Gaz de schiste et Premières Nations: Fredericton défend son processus de consultation

FREDERICTON – Plus qu’un communiqué, c’est une véritable plaidoirie que le gouvernement a rendue publique mardi, par l’entremise du ministère de l’Énergie et des Mines. Objectif: défendre sa gestion du processus de consultation des Premières Nations.

Le gouvernement Alward écarte les critiques selon lesquelles il n’y a pas eu suffisamment de consultations avec les Premières Nations sur le gaz de schiste, soutenant avoir tenu plus de discussions avec ces communautés que n’importe quel gouvernement dans l’histoire de la province.

C’est le ministre de l’Énergie et des Mines, Craig Leonard, qui s’est collé à la tâche: convaincre le grand public que, dans le dossier du gaz de schiste, Fredericton a respecté ses obligations envers les Autochtones. Ces exigences découlent de l’article 35 de la Loi constitutionnelle de 1982.

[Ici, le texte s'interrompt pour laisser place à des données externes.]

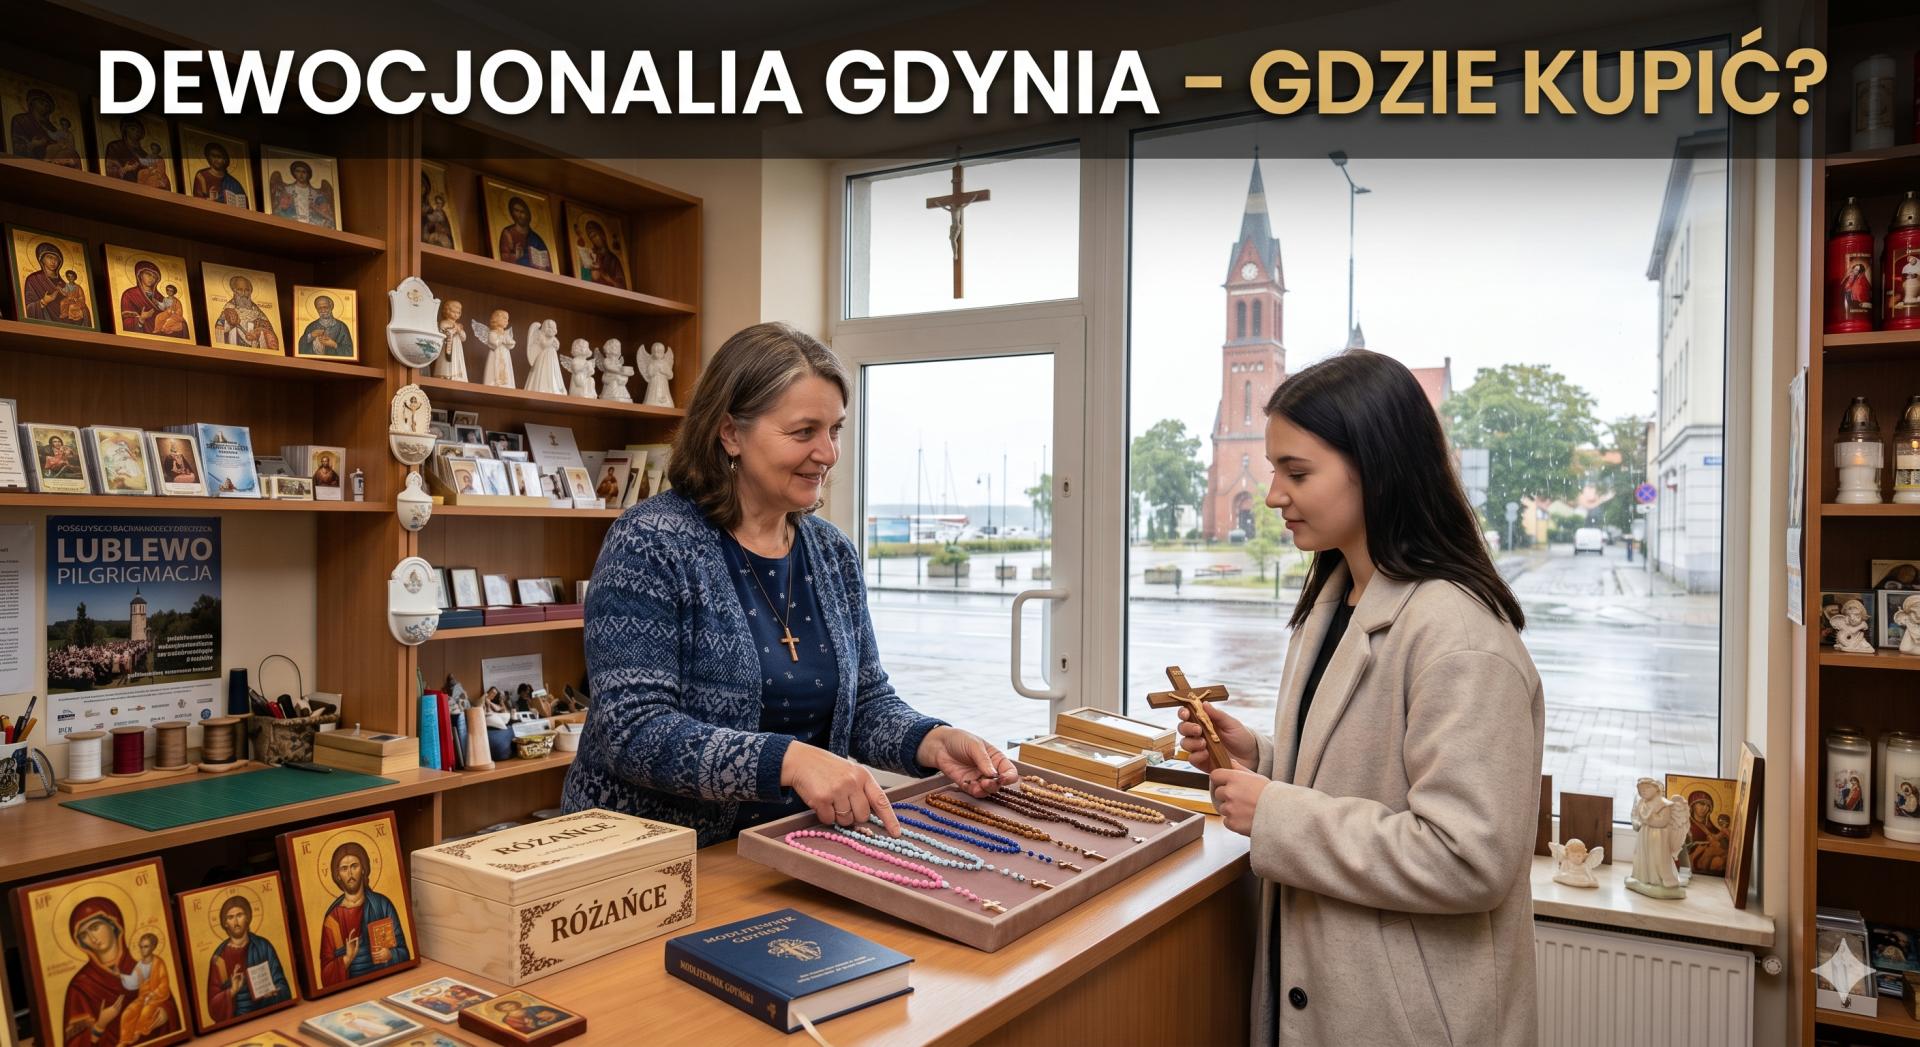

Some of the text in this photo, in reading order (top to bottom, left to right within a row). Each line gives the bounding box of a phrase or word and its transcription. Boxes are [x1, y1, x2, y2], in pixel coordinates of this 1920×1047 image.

[57, 538, 213, 563] LUBLEWO
[57, 565, 213, 585] PILGRIGMACJA
[551, 884, 667, 943] RÓŻAŃCE

Selon M. Leonard, le gouvernement de David Alward est allé plus loin que ne le prévoit le législateur. Il a affirmé que la Couronne «avait non seulement répondu aux exigences de consultation pour le présent programme d’exploration sismique, mais qu’elle les avait surpassées afin de s’assurer que les Premières Nations connaissent tous les détails du programme actuel».

L’élu rappelle que la Politique du gouvernement du Nouveau-Brunswick sur l’obligation de consulter a été adoptée en 2011, après avis de l’Assemblée des chefs des Premières Nations du N.-B. (ACPNNB). Il estime qu’elle a été mise en oeuvre dans les règles.

«À titre de gouvernement, nous comprenons l’importance du processus de consultation et nous nous sommes assurés que SWN Canada respectait ces exigences sur le plan technique, a-t-il dit. Mais en tant que gouvernement, nous avons également rencontré les chefs et les conseils des Premières Nations.»

Dans la suite de sa déclaration, le ministre ne fait pas de mystère que ces rencontres avaient pour but de convaincre les Autochtones que le développement des ressources naturelles présente pour eux des perspectives économiques intéressantes. La Première Nation d’Elsipogtog et l’ACPNNB ont pris connaissance du communiqué, mais n’ont pas fait de commentaire.